La démission du conseiller fédéral Paul Chaudet n'est pas sans rapports avec cette insatisfaction, comme d'ailleurs avec les pressions exercées par les représentants d'autres partis à la suite de l'affaire du « Mirage ». Le bureau du groupe parlementaire radical a refusé de proposer M. Chaudet à la vice-présidence du Conseil fédéral pour 1967, comme le «turnus» des charges l'aurait voulu; c'était au moins une invitation directe à se démettre de son mandat pour la fin de 1967. M. Chaudet a préféré la retraite immédiate [3].

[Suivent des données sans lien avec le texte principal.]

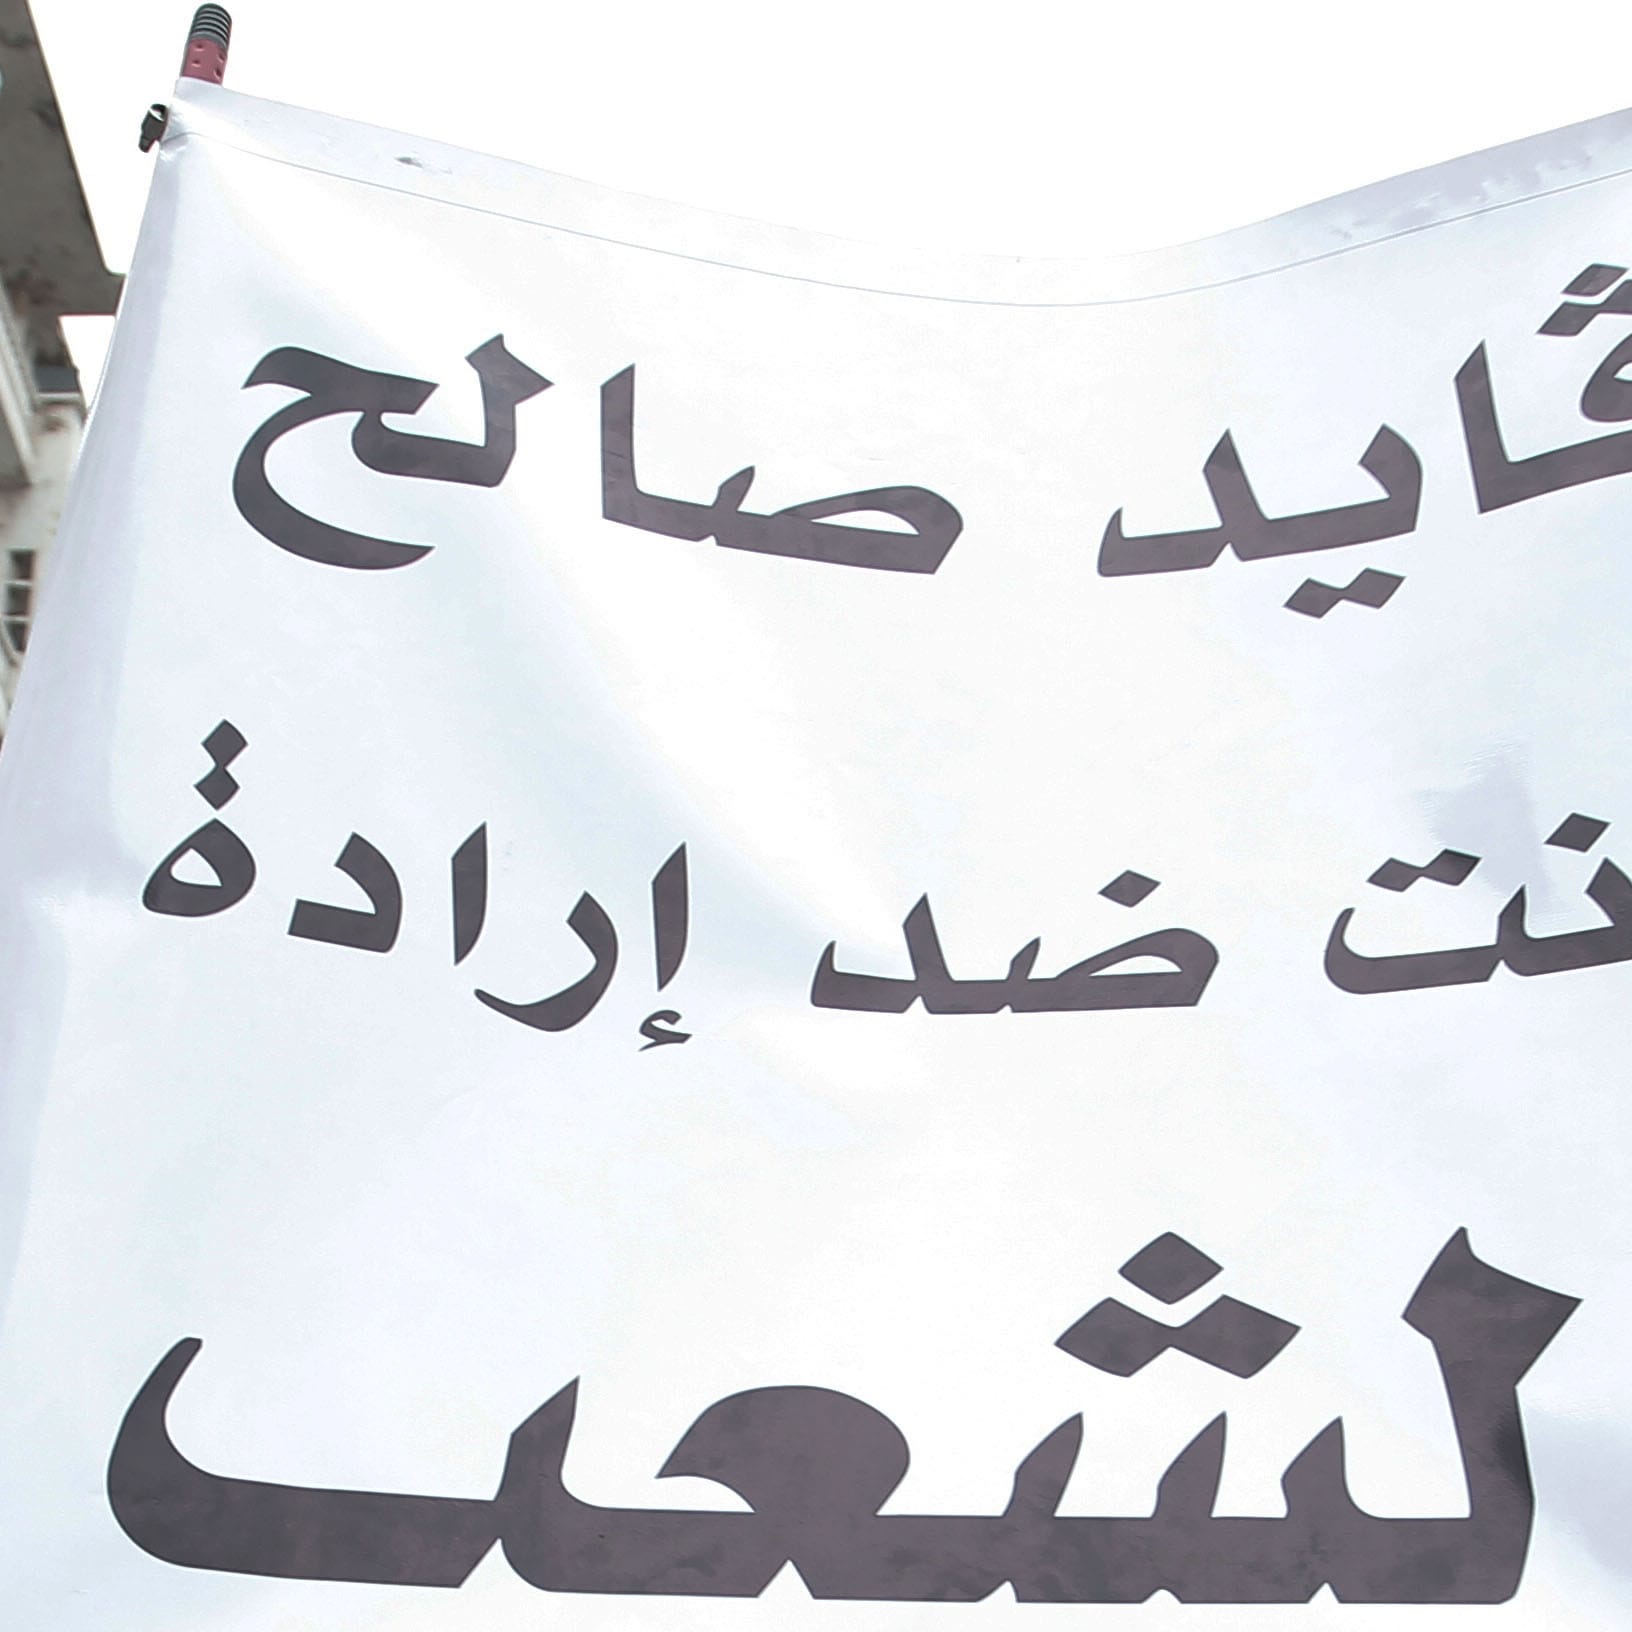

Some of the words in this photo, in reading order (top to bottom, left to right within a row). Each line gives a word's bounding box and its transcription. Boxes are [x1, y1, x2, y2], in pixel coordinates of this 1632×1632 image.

[233, 334, 963, 574] صالح
[143, 720, 688, 1050] إرادة
[811, 871, 1218, 1014] ضد

L'élection de son successeur a été très ouverte. Les radicaux vaudois, qui disposaient d'un candidat de valeur en la personne de G.-A. Chevallaz, syndic de Lausanne et conseiller national, ont immédiatement revendiqué le siège vacant. Cette candidature n'a pourtant pas joui de l'appui unanime des radicaux romands: la candidature de Pierre Glasson a été soutenue par les Fribourgeois, les Genevois se sont groupés derrière Henri Schmitt, alors que les Neuchâtelois restaient sur la réserve. Le Tessin fit valoir des prétentions anciennes, renforcées par la disponibilité de trois personnalités de premier plan. C'est enfin la candidature de Nello Celio, ancien conseiller d'Etat, conseiller national et administrateur de sociétés influent, qui se dégagea et obtint l'appui du groupe radical des Chambres, par 39 voix contre 20 à M. Chevallaz, au second tour [4]. Le 14 décembre, l'Assemblée fédérale élut M. Celio conseiller fédéral, au premier tour, par 136 voix contre 73 à M. Chevallaz [5] . Ainsi, la tradition accordant un siège aux Vaudois était rompue, et la Suisse italienne reprenait une place perdue depuis le départ de M. Lepori en 1959: c'est sur ce terrain-là, à qualités égales des candidats, que le choix se fit, mais il ne faut pas exclure des considérations d'affinités et de caractère qui ont pu jouer un rôle.
Le même jour, l'Assemblée fédérale élut Roger Bonvin président de la Confédération, par 181 voix sur 235 votants. Willy Spühler fut désigné comme vice-président, mais par 124 voix seulement, 102 députés lui ayant refusé leur suffrage; cette élection a été interprétée comme un vote de méfiance à l'égard des positions politiques personnelles du chef du DPF. On y a vu d'ailleurs une manière de rappeler à celui-ci qu'il est le doyen d'âge du collège exécutif.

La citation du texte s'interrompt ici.